WASHINGTON, D.C.—Foreign trade is one of the drivers of a broad set of structural reforms currently underway in Brazil and will remain at the top of the government’s 2021 agenda as it looks to liberalize the economy, Lucas Ferraz, Brazil’s secretary of foreign trade, said Thursday during an event hosted by the Americas Society/Council of the Americas.

To expand Brazil’s insertion in the international trade market and the global economy, the South American nation is focusing on trade reforms that include reducing nontariff barriers, overhauling the country’s tariff structure for imports and negotiating new free trade agreements with other countries, Ferraz said. He added that there is a need to tackle import levies in the automobile sector, in which tariffs are set at 35 percent.

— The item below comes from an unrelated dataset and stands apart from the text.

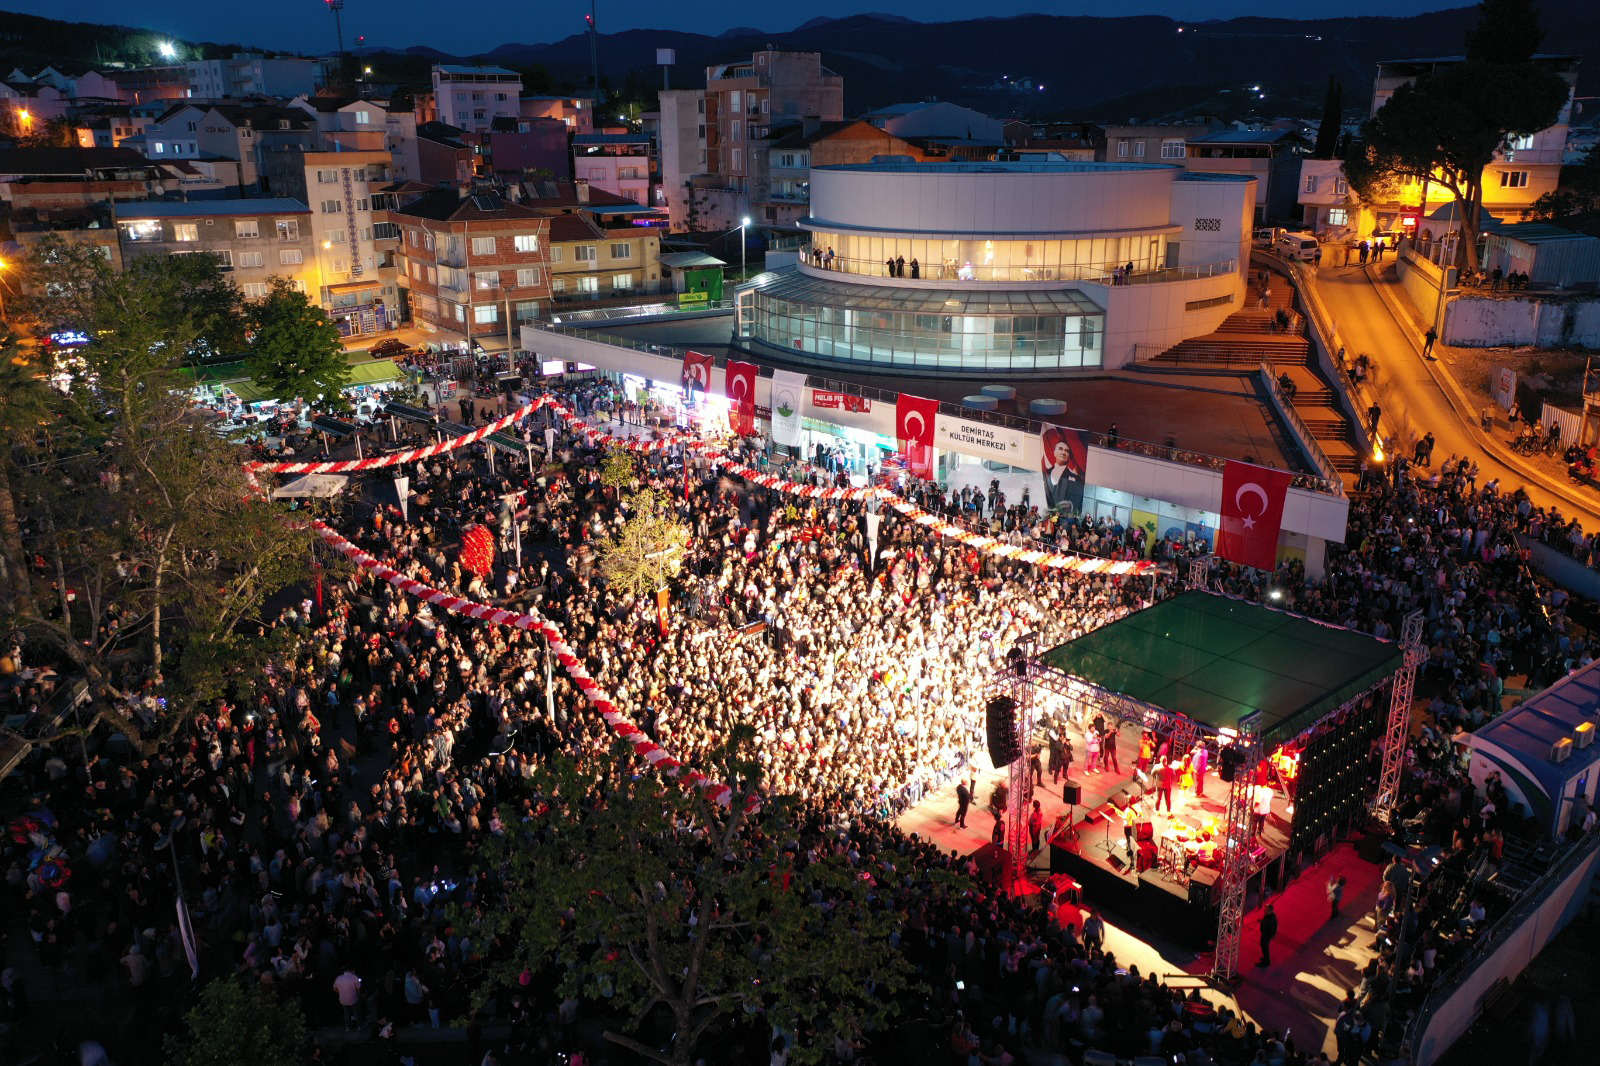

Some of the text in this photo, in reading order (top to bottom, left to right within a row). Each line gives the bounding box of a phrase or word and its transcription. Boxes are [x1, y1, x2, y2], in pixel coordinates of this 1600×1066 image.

[949, 431, 1006, 451] KÜLTÜR MERKEZİ
[961, 425, 995, 440] DEMİRTAŞ

Another focal point of Brazil’s foreign trade agenda is its bilateral relationship with the United States, Ferraz said. The United States is currently Brazil’s second-largest export market, primarily for goods such as crude oil, aircrafts, machinery, iron and steel. Ferraz added the Brazilian government “is open to negotiate more ambitious free trade agreements with the United States if it’s possible.”

Another potential avenue for strengthening U.S.-Brazil relations would be to expand the countries’ current limited trade pact, Ferraz said, referencing the Protocol on Trade and Transparency, which the two countries signed last October in an effort to streamline trade processes.

The protocol, which includes provisions on regulatory practices, trade facilitation and anti-corruption efforts, could enhance bilateral trade, he added. Ferraz also proposed an annex that specifically addresses digital trade given increased use of technology and e-commerce growth during the Covid-19 pandemic.

When asked whether he has any concerns regarding steel and agricultural trade between Brazil and the United States, Ferraz said the most significant barriers for imports of agricultural goods are regulatory by nature, adding that the current limited trade pact includes several provisions on the facilitation of agricultural goods trade.

Despite the recent strengthening of U.S.-Brazil trade ties, Ferraz said it could take two or three more months for Brazil to fully implement the two countries’ limited trade accord.